Carbonell is known for his tactile approach to sculpture which plays with textures, experimental techniques, and natural materials.
Born in Spain in 1980 and now based in Eindhoven, the Netherlands, Carbonell works alongside his team of designers and artists in an open warehouse. He graduated in 2003 from Cardenal Herrera University in Spain and went on to study at the Design Academy Eindhoven. Upon graduating, he created collections such as Evolution in 2009, which won him a nomination for Beazley Design of the Year from the Design Museum in London.
In 2010, a year after being named a Designer of the Future at Design Miami/ Basel, he presented This Identity, redefining his current style of organic forms and rough and colourful textures. His pieces are part of private collections and museums around the world.
Co-founded in 1984 by brothers Fernando (1961) and Humberto (1953) Campana, the studio Campana has achieved international recognition for its furniture design and intriguing pieces. In 2019, the studio celebrated its 35th anniversary acknowledged as a pioneer of disruptive Design, which led them to create a groundbreaking language in their field.
Deeply rooted in Brazilian culture and traditions, their work carries universal values at its core, such as freedom and human dignity, creating their identity through life experiences. By incorporating the idea of transformation and reinvention, their creative process raises everyday materials to nobility. Brazilian characteristics – such as the abundance of colours, mixtures, and creative chaos – bring the triumph of simple solutions, poetically.
Based in São Paulo, studio Campana is constantly investigating new possibilities within Design: from furniture making to architecture, landscaping, fashion, scenography, and more. Bridging disciplines and encouraging the exchange of expertise among communities and artists are vital sources of inspiration, fresh repertoire, and free-thinking. Working with multiple brands and industries allows them to combine the best of craftsmanship, sustainable production practices and state-of-the-art technologies.
Born in Kansas in 1932, Wendell Castle received two degrees from the University of Kansas, one in industrial design in 1958 and the other in sculpture in 1961. He moved to Rochester, New York to teach at the School for American Crafts and established a permanent studio in the area that is still in operation today. He reinvented himself for nearly six decades.
Often credited as the founding father of the American Art Furniture movement, Castle has redefined sculpture and design by seamlessly merging the two into one discipline. He created unique pieces that blur the distinction between design and sculpture. Castle’s organic and whimsical approach to sculpture incorporates his own invented technique of carving into stacked laminated wood known as lamination. His furniture designs for residential clients, public spaces, and a number of churches represent a unique exploration of the qualities and possibilities of wood and fiberglass.

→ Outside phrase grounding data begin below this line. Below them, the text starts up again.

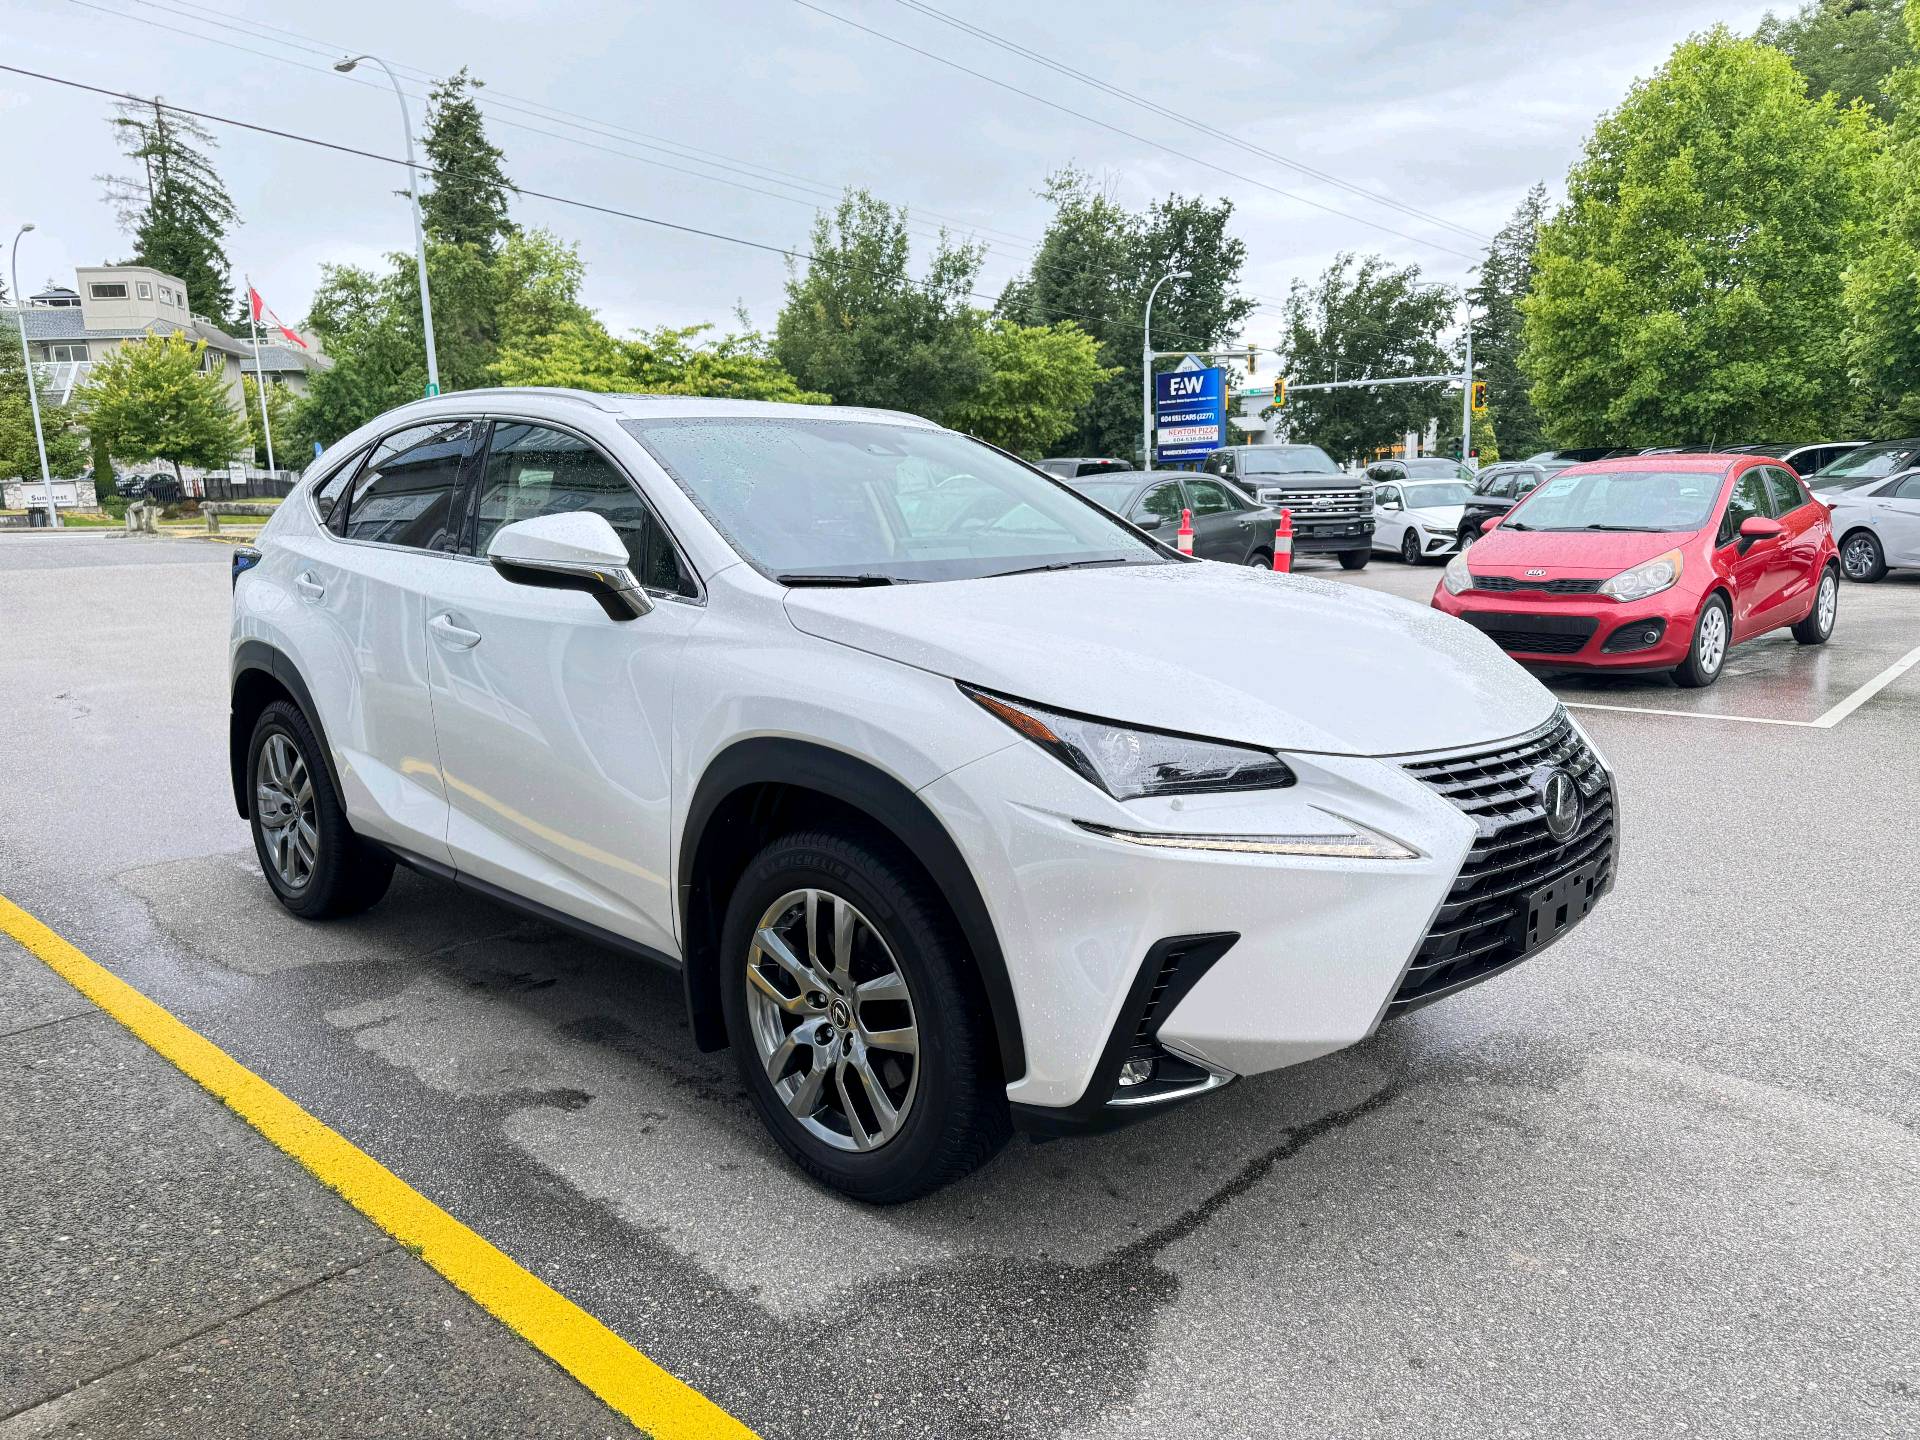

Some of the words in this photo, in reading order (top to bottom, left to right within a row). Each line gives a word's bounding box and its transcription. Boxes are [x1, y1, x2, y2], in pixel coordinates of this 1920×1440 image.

[1160, 415, 1171, 423] 604
[1182, 413, 1197, 421] CARS
[1168, 428, 1197, 436] NEWTON
[1199, 426, 1218, 434] PIZZA
[780, 854, 846, 877] MICHELIN

His work can be found in the permanent collections of more than forty museums and cultural institutions, including the Victoria & Albert Museum in London, the Metropolitan Museum of Art in New York, the Museum of Modern Art in New York, and the White House in Washington, D.C. Moreover, he has been the recipient of many honours and awards, including four National Endowment for the Arts grants and the Modernism Lifetime Achievement Award from the Brooklyn Museum in 2007.
Vincenzo De Cotiis is an Italian artist who is considered a protagonist of contemporary collectible design. De Cotiis’ universe is one where art meets function, fuelled by parallelisms of space and time, cultural layerings and quantum leaps.
Vincenzo De Cotiis was born in 1958 in Gonzaga, Italy. He studied architecture at the Politecnico di Milano and founded his studio in Milan where he lives and works.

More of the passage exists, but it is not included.